- WHAT THE TASK REQUIRES
I'd ask you to write out the lines below exactly, with no images.

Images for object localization

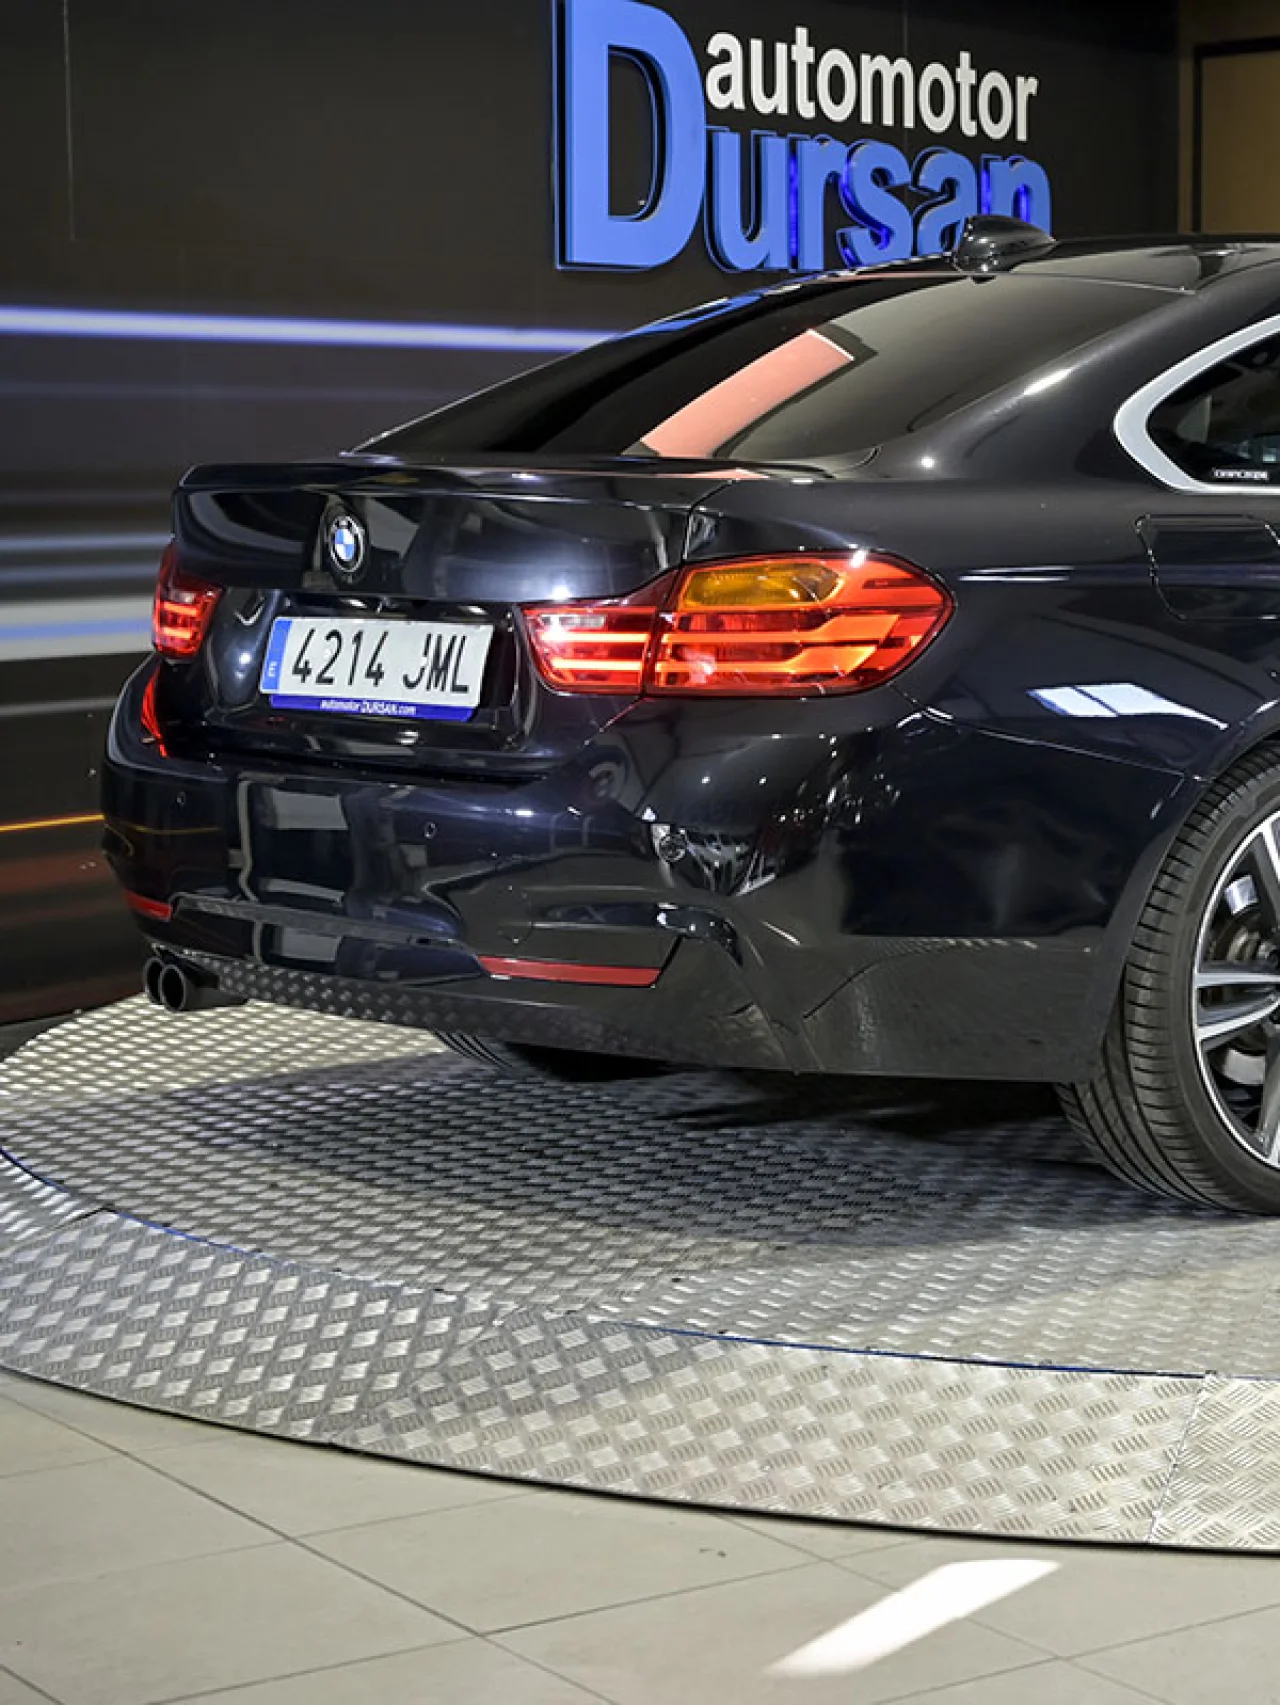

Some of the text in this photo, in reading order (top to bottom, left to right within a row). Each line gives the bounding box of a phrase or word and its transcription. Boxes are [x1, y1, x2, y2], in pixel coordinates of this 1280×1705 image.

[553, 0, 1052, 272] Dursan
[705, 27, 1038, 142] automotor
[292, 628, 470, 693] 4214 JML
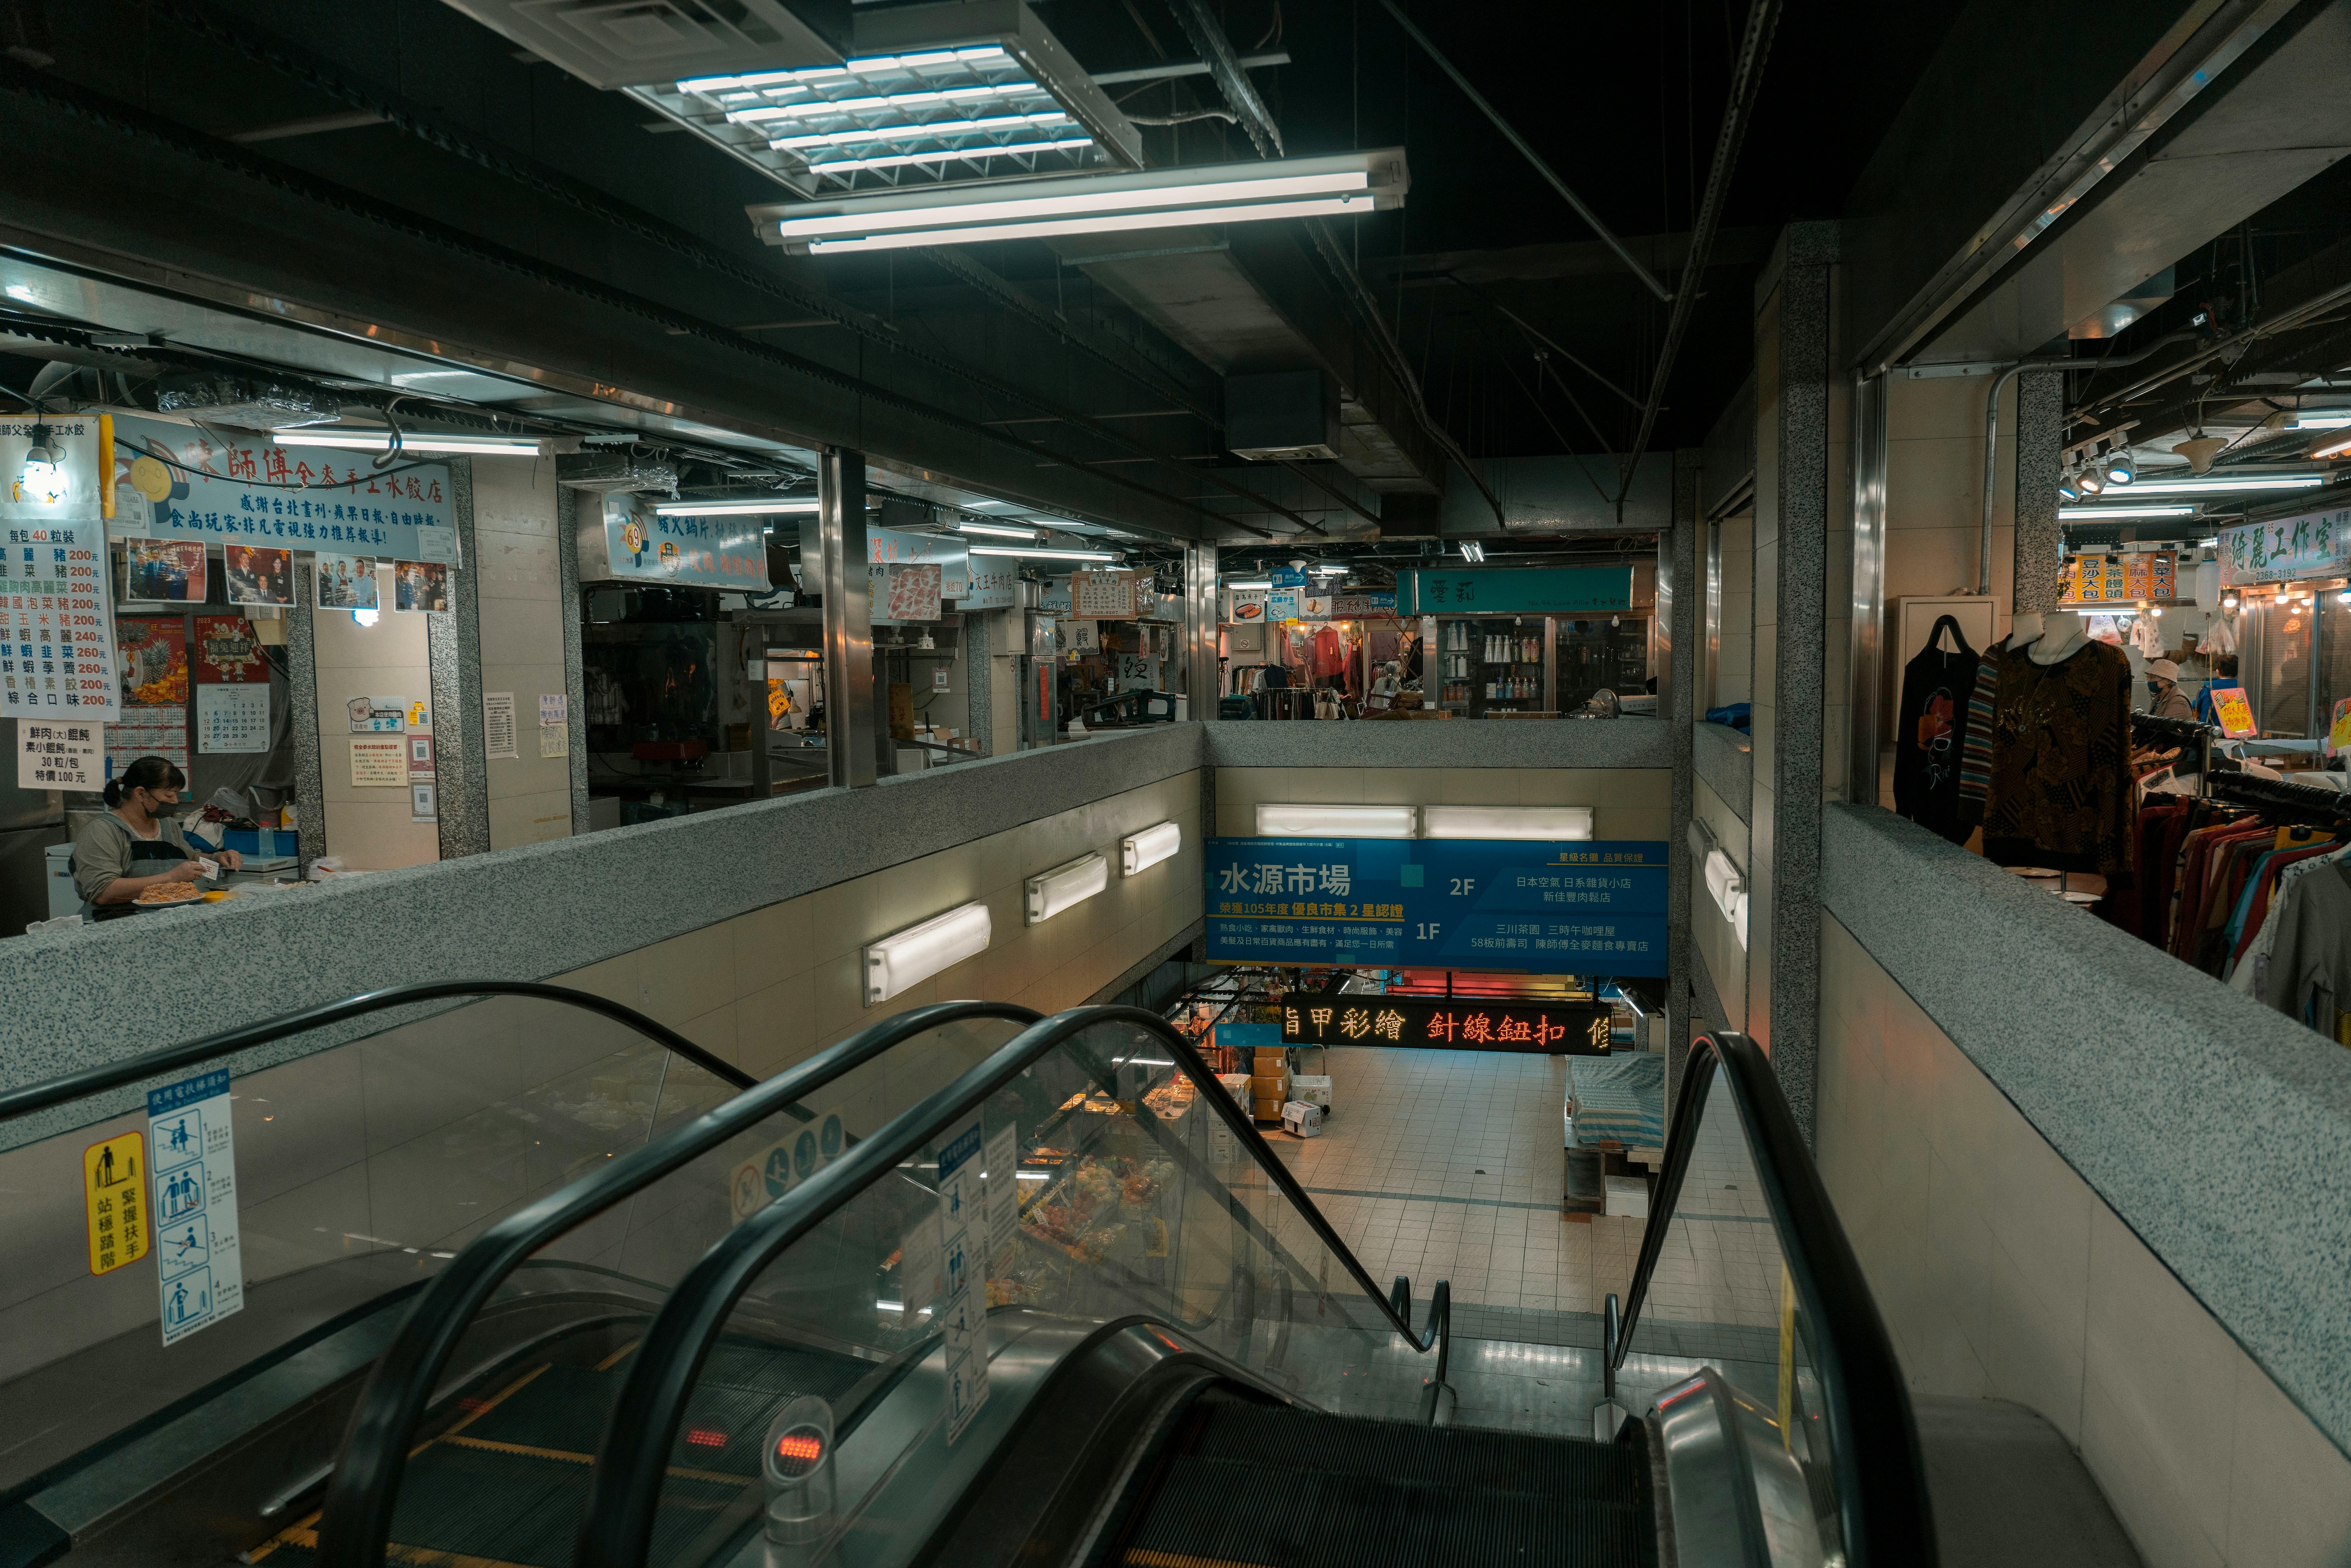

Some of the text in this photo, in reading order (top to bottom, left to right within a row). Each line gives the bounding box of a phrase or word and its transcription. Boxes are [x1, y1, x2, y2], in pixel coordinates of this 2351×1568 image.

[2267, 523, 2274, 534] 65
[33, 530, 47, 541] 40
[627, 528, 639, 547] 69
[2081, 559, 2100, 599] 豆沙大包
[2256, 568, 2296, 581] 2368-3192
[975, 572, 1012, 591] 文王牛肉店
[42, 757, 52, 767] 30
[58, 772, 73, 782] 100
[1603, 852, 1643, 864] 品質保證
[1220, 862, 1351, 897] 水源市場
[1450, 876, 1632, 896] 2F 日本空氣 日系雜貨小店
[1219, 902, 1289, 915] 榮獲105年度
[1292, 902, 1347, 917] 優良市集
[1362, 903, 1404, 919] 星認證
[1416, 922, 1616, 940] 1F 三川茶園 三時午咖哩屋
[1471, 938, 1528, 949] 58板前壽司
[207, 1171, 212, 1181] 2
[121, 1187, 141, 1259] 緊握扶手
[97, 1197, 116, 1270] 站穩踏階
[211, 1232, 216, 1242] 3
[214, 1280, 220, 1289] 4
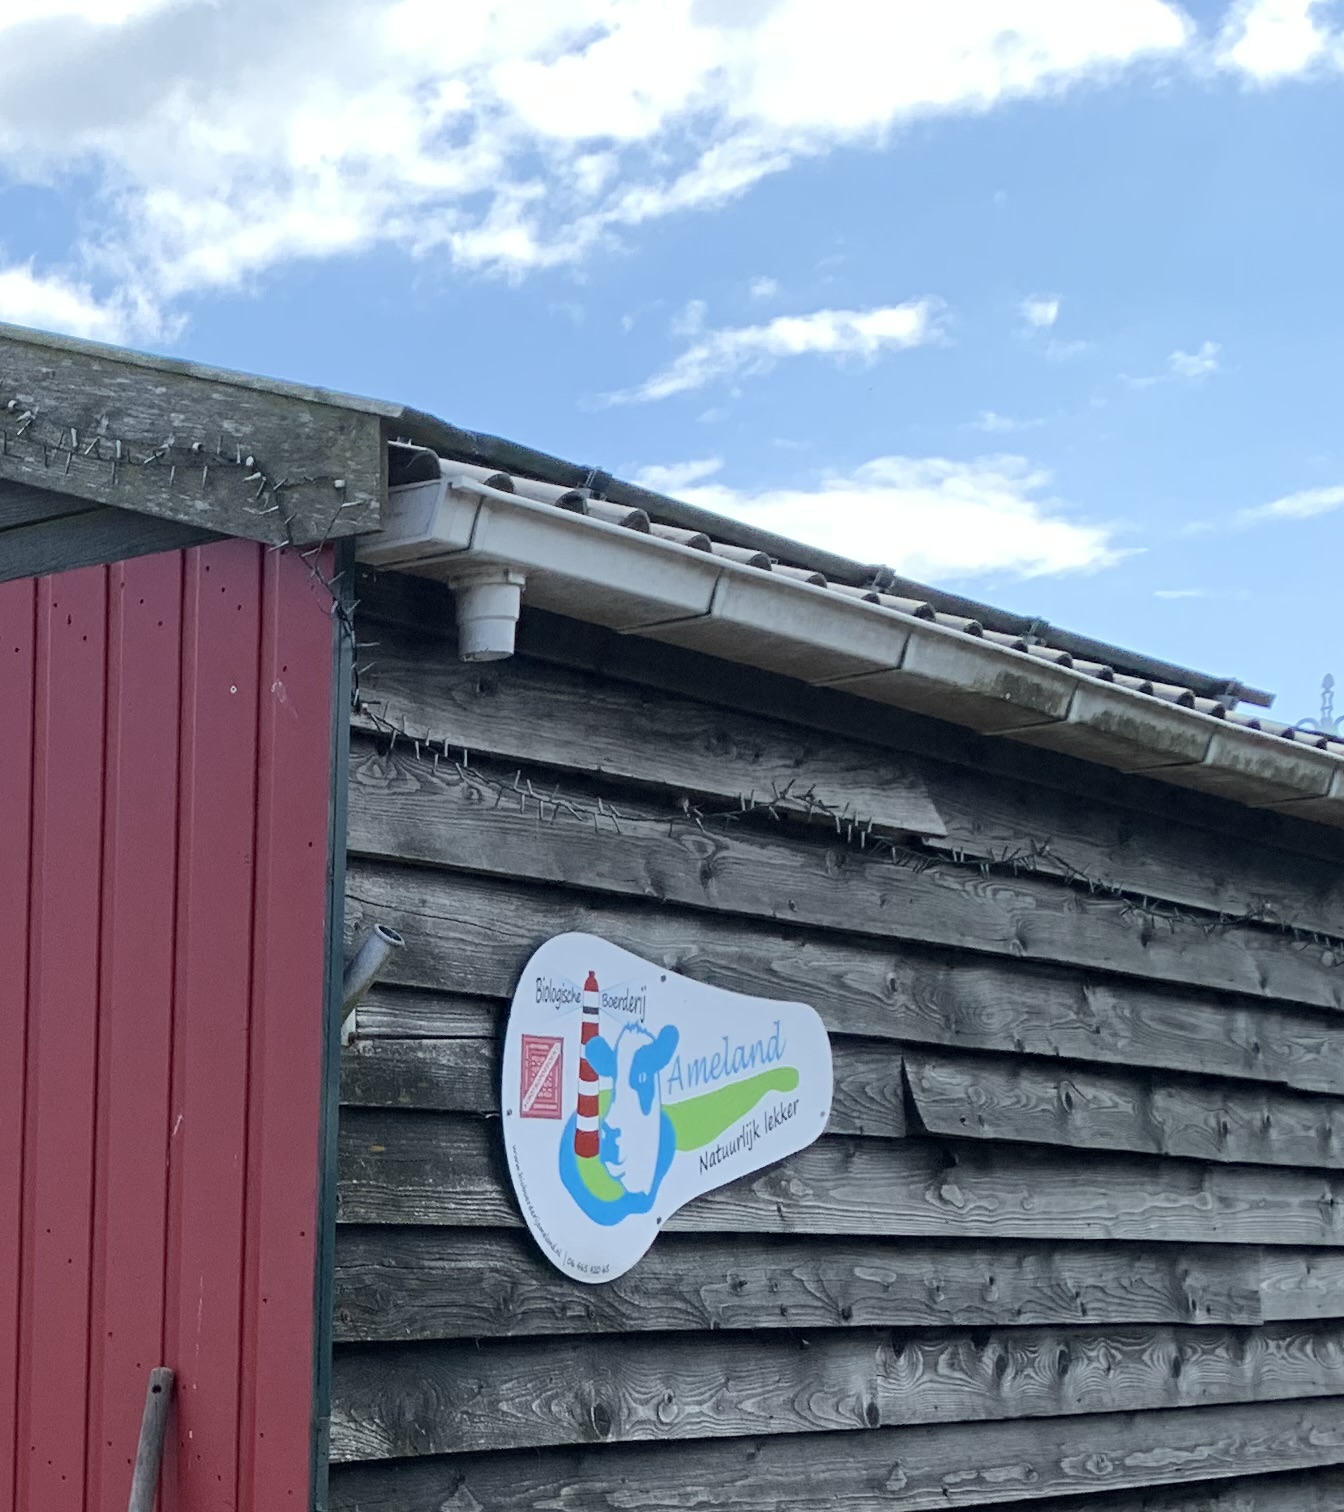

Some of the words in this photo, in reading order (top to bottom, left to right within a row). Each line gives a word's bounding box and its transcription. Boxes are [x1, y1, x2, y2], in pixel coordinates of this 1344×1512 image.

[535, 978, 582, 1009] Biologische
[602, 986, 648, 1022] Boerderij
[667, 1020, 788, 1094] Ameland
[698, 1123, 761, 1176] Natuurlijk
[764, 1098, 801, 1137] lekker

- WRITTEN RESPONSE
Some of the text in this photo, in reading order (top to bottom, left to right within a row). Each line gives the bounding box of a phrase or word and its transcription. Boxes are [x1, y1, x2, y2], in pixel coordinates of this 1280×1705 image.

[553, 0, 1052, 272] Dursan
[705, 27, 1038, 142] automotor
[292, 628, 470, 693] 4214 JML

Some of the text in this photo, in reading order (top to bottom, left to right within a row). Each line gives the bounding box of a phrase or word and its transcription. Boxes are [x1, y1, x2, y2], in pixel coordinates of this 2351×1568 image.

[2267, 523, 2274, 534] 65
[33, 530, 47, 541] 40
[627, 528, 639, 547] 69
[2081, 559, 2100, 599] 豆沙大包
[2256, 568, 2296, 581] 2368-3192
[975, 572, 1012, 591] 文王牛肉店
[42, 757, 52, 767] 30
[58, 772, 73, 782] 100
[1603, 852, 1643, 864] 品質保證
[1220, 862, 1351, 897] 水源市場
[1450, 876, 1632, 896] 2F 日本空氣 日系雜貨小店
[1219, 902, 1289, 915] 榮獲105年度
[1292, 902, 1347, 917] 優良市集
[1362, 903, 1404, 919] 星認證
[1416, 922, 1616, 940] 1F 三川茶園 三時午咖哩屋
[1471, 938, 1528, 949] 58板前壽司
[207, 1171, 212, 1181] 2
[121, 1187, 141, 1259] 緊握扶手
[97, 1197, 116, 1270] 站穩踏階
[211, 1232, 216, 1242] 3
[214, 1280, 220, 1289] 4

Some of the words in this photo, in reading order (top to bottom, left to right within a row). Each line gives a word's bounding box and its transcription. Boxes are [x1, y1, x2, y2], in pixel coordinates of this 1344×1512 image.

[535, 978, 582, 1009] Biologische
[602, 986, 648, 1022] Boerderij
[667, 1020, 788, 1094] Ameland
[698, 1123, 761, 1176] Natuurlijk
[764, 1098, 801, 1137] lekker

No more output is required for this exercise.